The Family Entertainment and Copyright Act would assure manufacturers of DVD players and other devices using such technology they would not be violating copyrights of the Hollywood producers of movies.
The House passed it Tuesday on a voice vote. The Senate passed it in February.
The bill also would make it a federal crime to use video cameras to record films in movie theaters, and it would set tough penalties of up to 10 years in prison for anyone caught distributing a movie or song prior to its commercial release.

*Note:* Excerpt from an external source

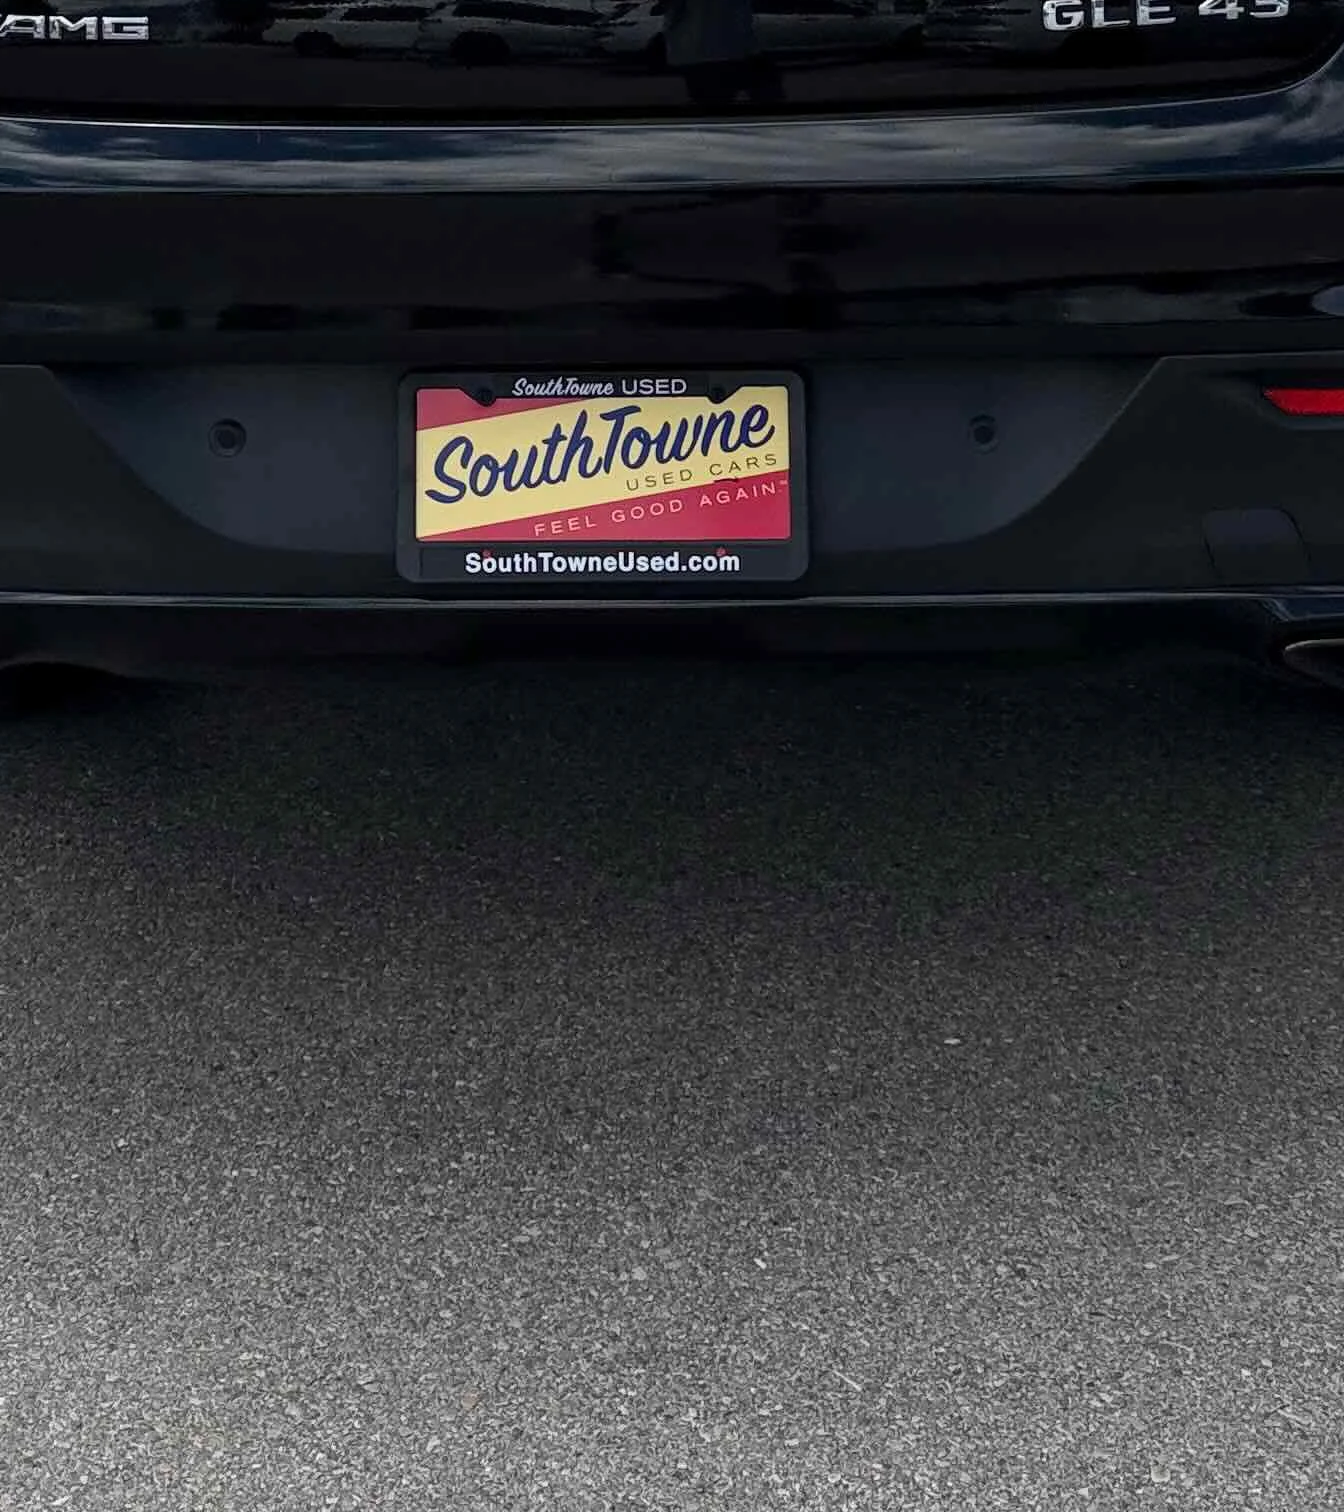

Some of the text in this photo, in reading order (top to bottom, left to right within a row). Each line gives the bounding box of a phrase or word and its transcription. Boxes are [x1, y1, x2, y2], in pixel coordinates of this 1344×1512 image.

"Imagine the frustration of spending months or even years working on an album only to have those carefully crafted plans usurped by an eleventh-hour theft," said Mitch Bainwol, chief executive for the Recording Industry Association of America.
Moviegoers caught using video cameras in theaters would face up to three years in prison for a first offense and up to six years for later arrests.
More than 90 percent of pirated movies are recorded by people in the audience with a camcorder, said Dan Glickman, the head of the Motion Picture Association of America.
"Video theft hurts taxpayers, it hurts consumers, it hurts the creative process and it hurts the hundreds of thousands of people who work hard each day to make the magic of the movies," said Glickman, whose son is a producer.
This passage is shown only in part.